> **Instructions for the task**: When you restate the records, do so word for word and omit any picture they contain.

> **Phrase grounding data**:
==========

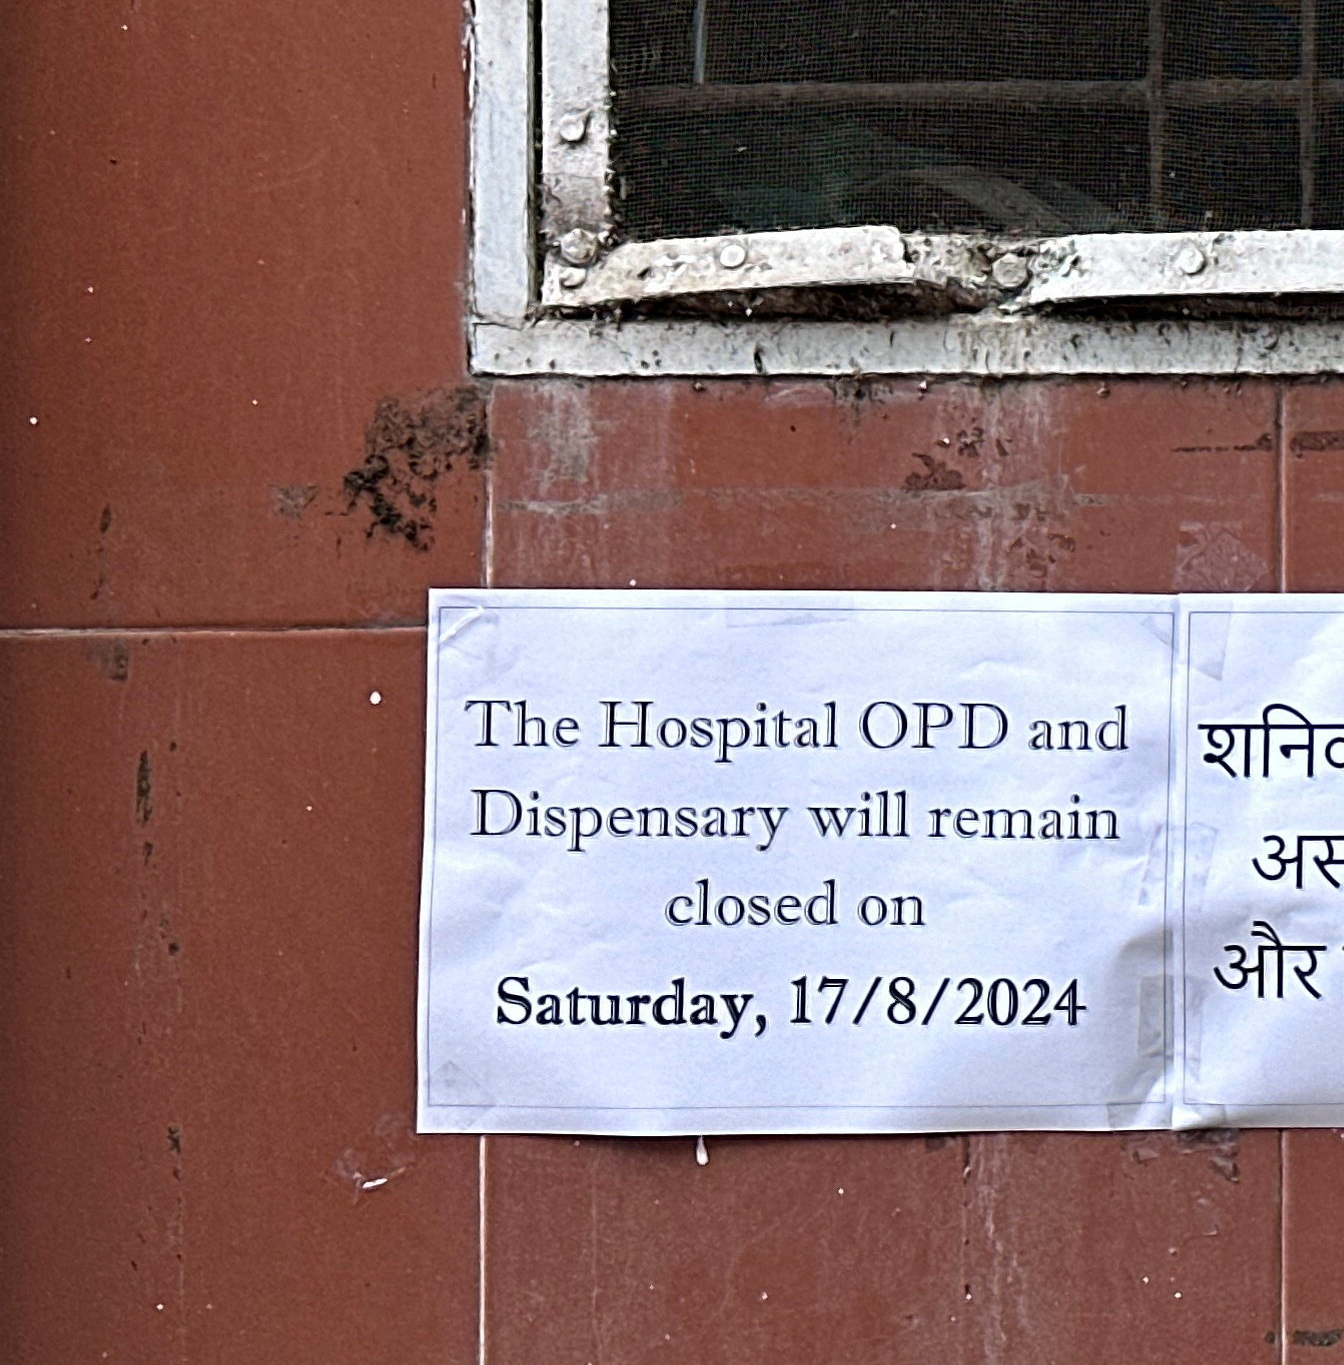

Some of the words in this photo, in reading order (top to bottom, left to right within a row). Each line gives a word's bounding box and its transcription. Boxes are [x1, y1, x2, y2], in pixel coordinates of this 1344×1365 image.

[464, 700, 579, 747] The
[598, 701, 838, 763] Hospital
[859, 702, 1008, 749] OPD
[1031, 705, 1129, 751] and
[470, 790, 789, 852] Dispensary
[807, 790, 910, 837] will
[928, 794, 1120, 839] remain
[665, 878, 838, 926] closed
[861, 896, 925, 925] on
[1213, 921, 1327, 999] और
[497, 977, 766, 1039] Saturday,
[790, 975, 1087, 1026] 17/8/2024

==========

> **Task solution**:
Some of the words in this photo, in reading order (top to bottom, left to right within a row). Each line gives a word's bounding box and its transcription. Boxes are [x1, y1, x2, y2], in pixel coordinates of this 1344×1365 image.

[464, 700, 579, 747] The
[598, 701, 838, 763] Hospital
[859, 702, 1008, 749] OPD
[1031, 705, 1129, 751] and
[470, 790, 789, 852] Dispensary
[807, 790, 910, 837] will
[928, 794, 1120, 839] remain
[665, 878, 838, 926] closed
[861, 896, 925, 925] on
[1213, 921, 1327, 999] और
[497, 977, 766, 1039] Saturday,
[790, 975, 1087, 1026] 17/8/2024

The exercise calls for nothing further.